Yes it is legal and you should use the quart jar timing.
Next, never pressure cook red sauerkraut, it turns gray, ask me how I know.
Here is an approved recipe for 'pasteurizing' it, at a lesser temperature than boiling. It gives you a crisper product.
http://www1.extension.umn.edu/food/...ling/making-fermented-pickles-and-sauerkraut/

I made 2 five gallon batches this year, and pasteurized them in cans, OH they are delicious, red or white.
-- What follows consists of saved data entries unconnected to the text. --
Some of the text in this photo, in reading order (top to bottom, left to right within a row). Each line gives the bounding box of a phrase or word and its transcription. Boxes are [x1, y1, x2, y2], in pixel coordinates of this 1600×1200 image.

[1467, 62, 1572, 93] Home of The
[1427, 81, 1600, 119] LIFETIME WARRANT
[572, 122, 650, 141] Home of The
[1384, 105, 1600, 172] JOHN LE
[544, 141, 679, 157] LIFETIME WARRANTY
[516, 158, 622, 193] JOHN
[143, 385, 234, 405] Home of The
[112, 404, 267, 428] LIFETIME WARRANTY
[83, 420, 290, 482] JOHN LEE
And don't forget, kim chee, or kim chi, is a sauerkraut with lot of spices and lots of ingredients, delicious!


----------



## tyerod (Sep 7, 2014)

AngelMomma said:


> Lol.  I wonder how long one could keep the finished kraut in the fridge.....hmmm.  Its just that the batch I make (which fits into that nice big glass crock) is so big.
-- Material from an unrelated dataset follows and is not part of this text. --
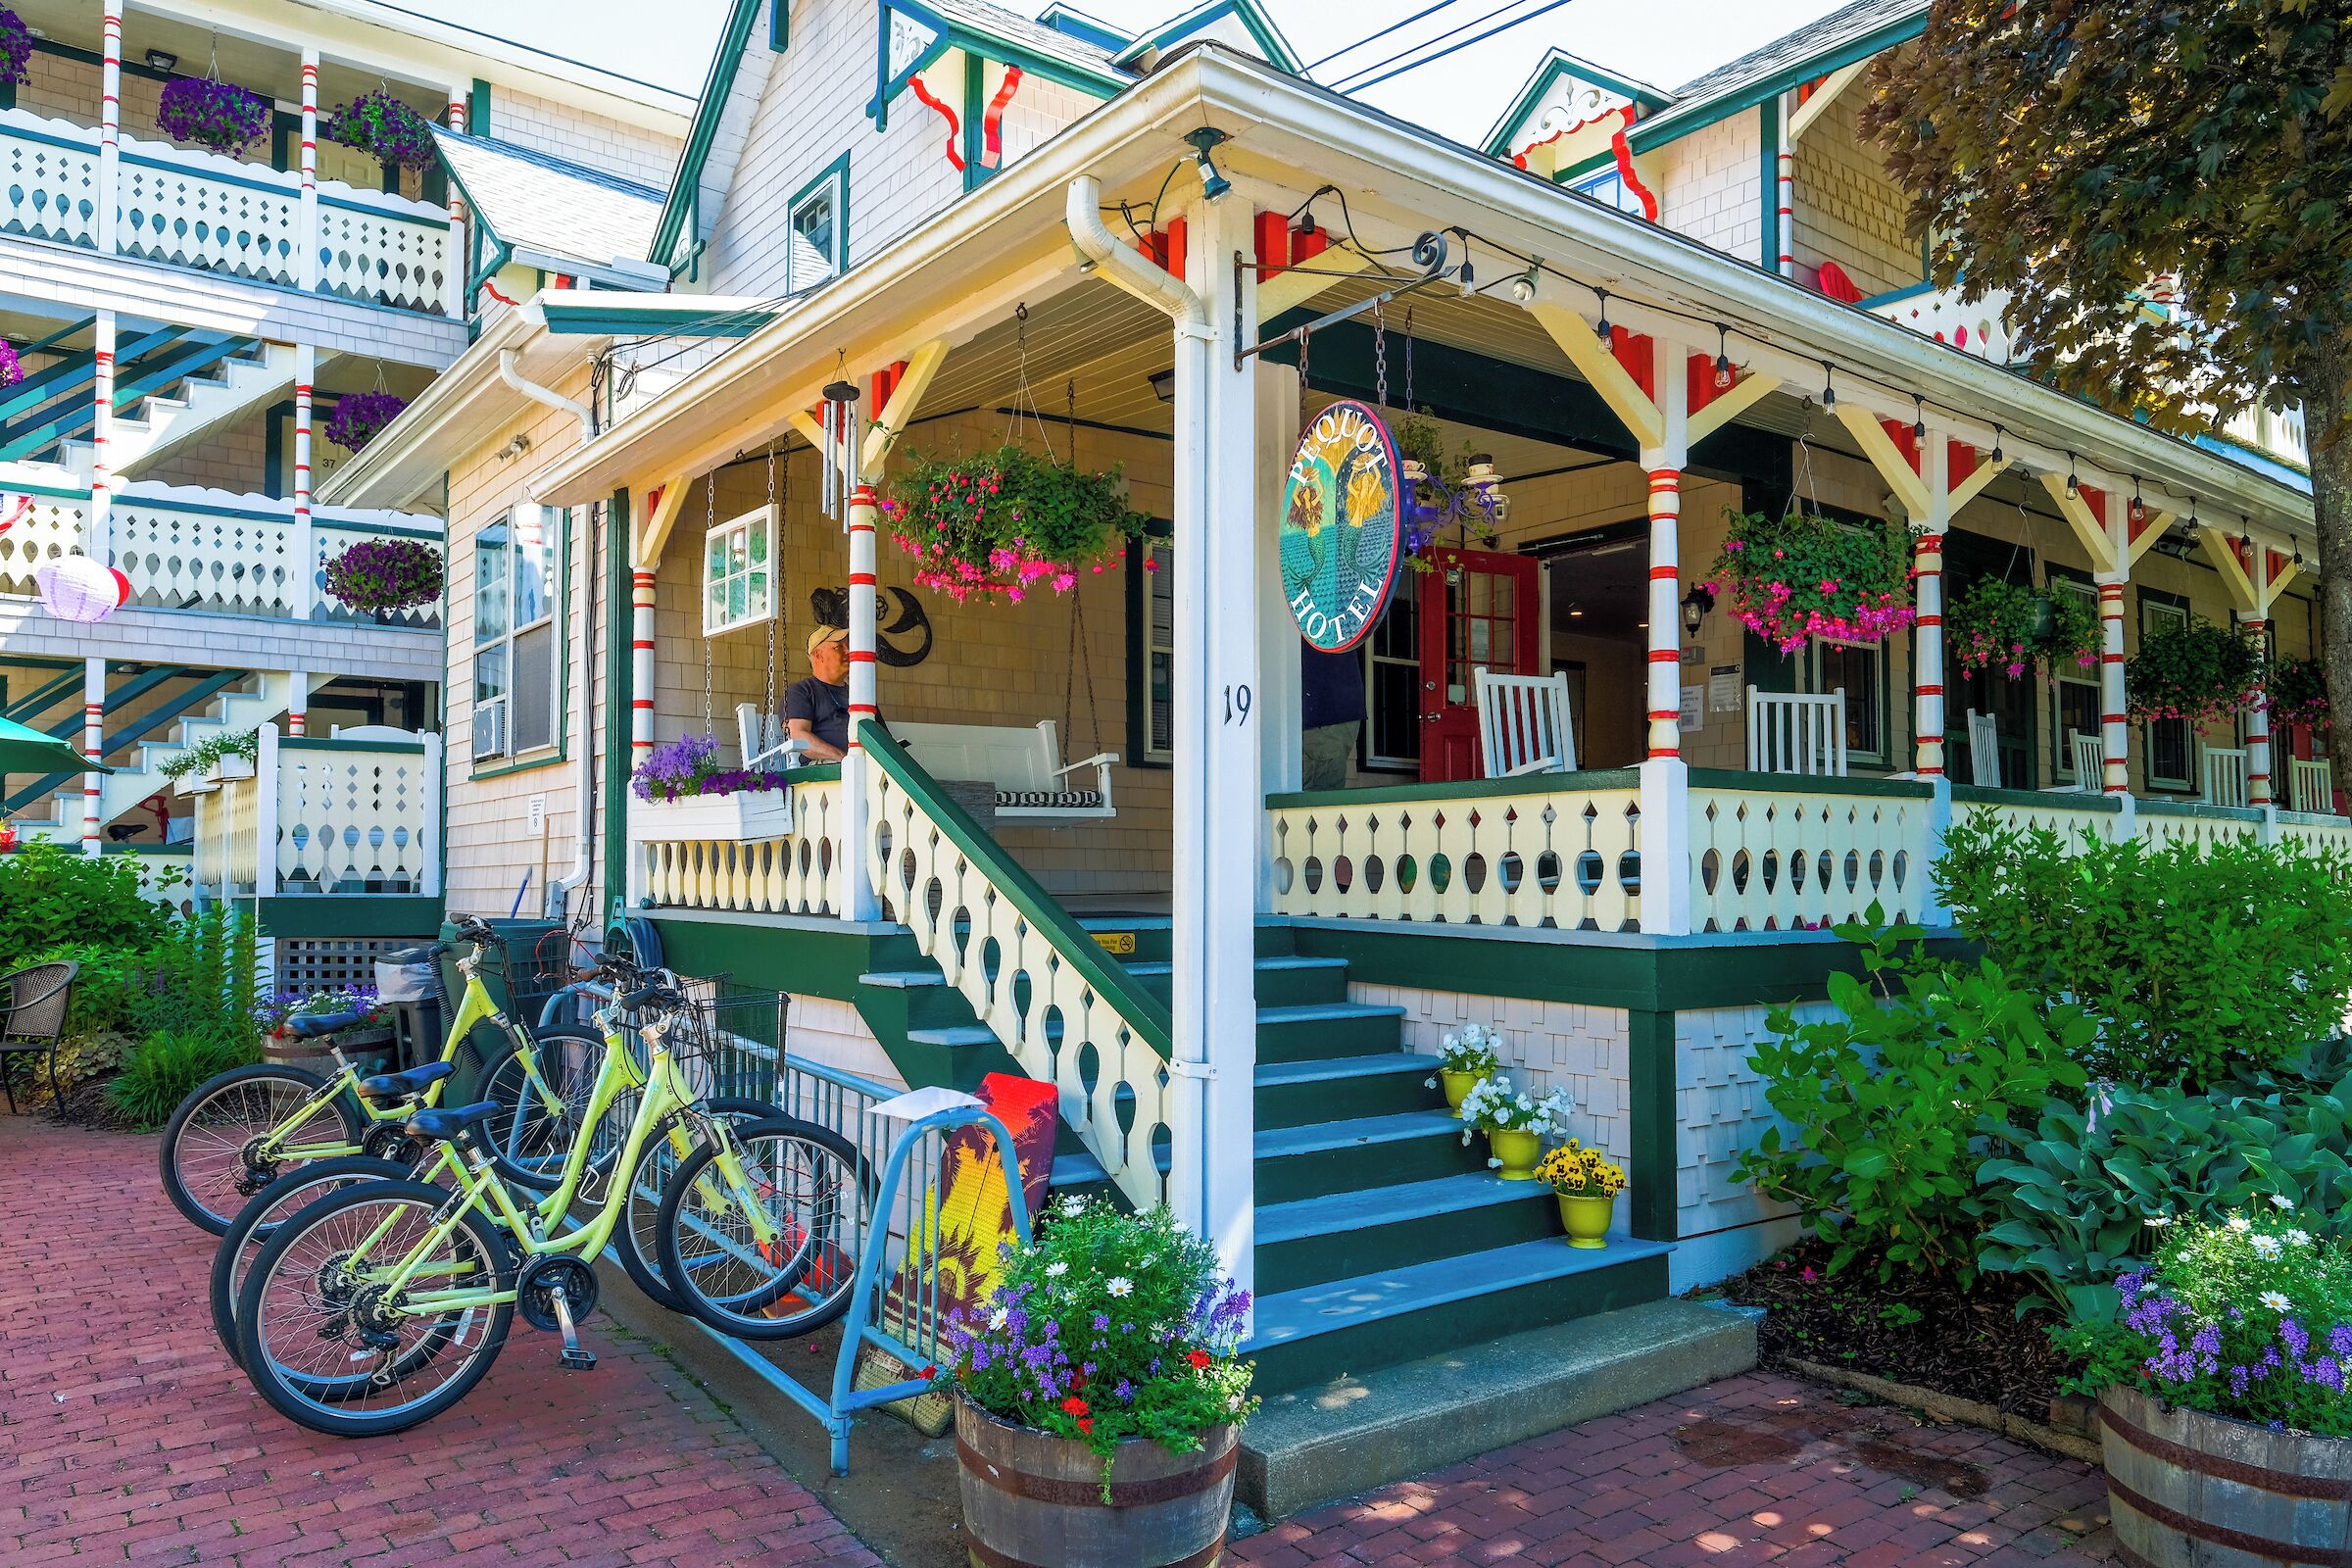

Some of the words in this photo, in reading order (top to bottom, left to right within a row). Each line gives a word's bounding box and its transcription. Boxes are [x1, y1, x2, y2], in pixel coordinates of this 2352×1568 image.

[322, 458, 336, 468] 37
[1289, 408, 1388, 487] PEQUOT
[1291, 579, 1383, 644] HOTEL
[1224, 684, 1251, 727] 19
I have been making kraut for a few years now.  I usually do 3-7 pound batches and it is never around long.  Last Thanksgiving I made a 22 lb batch while teaching my SIL and kept my portion refrigerated only, no canning.  I just finished it up last month with no ill effects. YMMV but it seems to stay OK for a long time.

I have also done other veggies and I love making some Kimchi a few time a years.  When making Kimchi I always can tell when its done.....My wife comes home from work and asks what stinks so bad????


----------



## HoneyLady (Sep 8, 2014)

One side of my family is Irish, the other Polish.  DH is English and Swede.  Cabbage is  a staple at our house, along with potatoes, and sausages of many varieties.

 Here are some ways to play:

 I always recommend rinsing kraut before cooking, ESPECIALLY if it is canned or bottled.  (The bottled, refrigerated brands are superior, BTW.) You may, or may not rinse home made at your discretion.  This step helps tame the sharp flavor and saltiness of kraut.  (And if you are cooking for kids, may make the difference in getting them to eat it.) 

 Warm gently in a pan with chopped apple, caraway OR dill seed, and a pinch (tiny drizzle?) of honey, and black pepper.

 Purple cabbage and turnips shredded together make a fabulous slaw, and kids love the color!  Not too many healthy foods are genuinely purple.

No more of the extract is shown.